[Records from a data source]
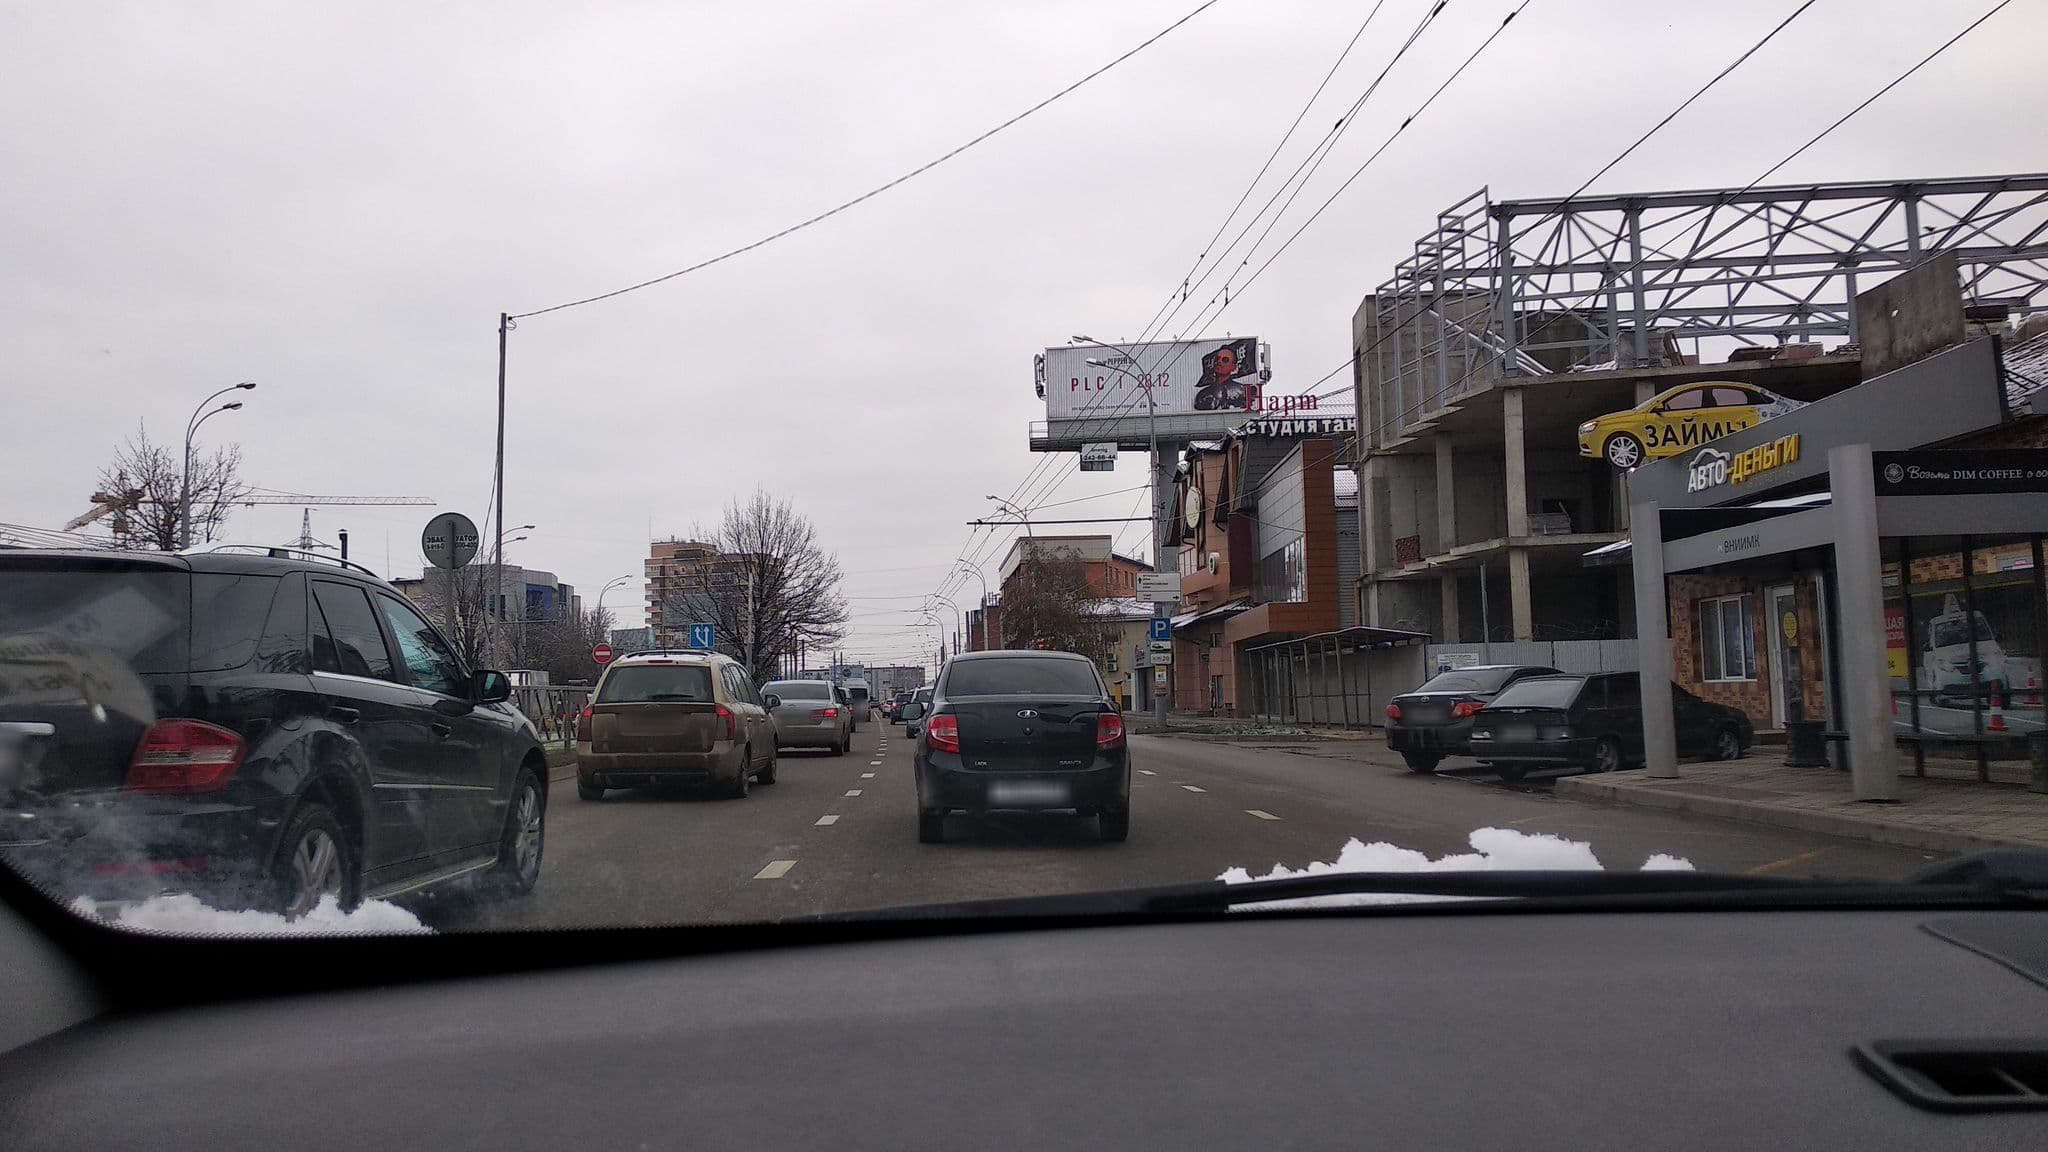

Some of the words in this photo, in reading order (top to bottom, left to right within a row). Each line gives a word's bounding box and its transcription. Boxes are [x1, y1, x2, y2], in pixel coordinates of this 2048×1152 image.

[1071, 376, 1104, 391] PLC
[1244, 384, 1318, 418] Нарт
[1246, 420, 1317, 437] студия
[1688, 433, 1800, 493] АВТО-ДЕНЬГИ
[1953, 470, 1976, 480] DIM
[1979, 469, 2024, 480] COFFEE
[1724, 534, 1760, 553] ВНИИМК
[1155, 621, 1167, 638] P

- Assignment: Retype the records in full, exactly as given, and omit the pictures.

- Written solution:
Some of the words in this photo, in reading order (top to bottom, left to right within a row). Each line gives a word's bounding box and its transcription. Boxes are [x1, y1, x2, y2], in pixel coordinates of this 2048×1152 image.

[1071, 376, 1104, 391] PLC
[1244, 384, 1318, 418] Нарт
[1246, 420, 1317, 437] студия
[1688, 433, 1800, 493] АВТО-ДЕНЬГИ
[1953, 470, 1976, 480] DIM
[1979, 469, 2024, 480] COFFEE
[1724, 534, 1760, 553] ВНИИМК
[1155, 621, 1167, 638] P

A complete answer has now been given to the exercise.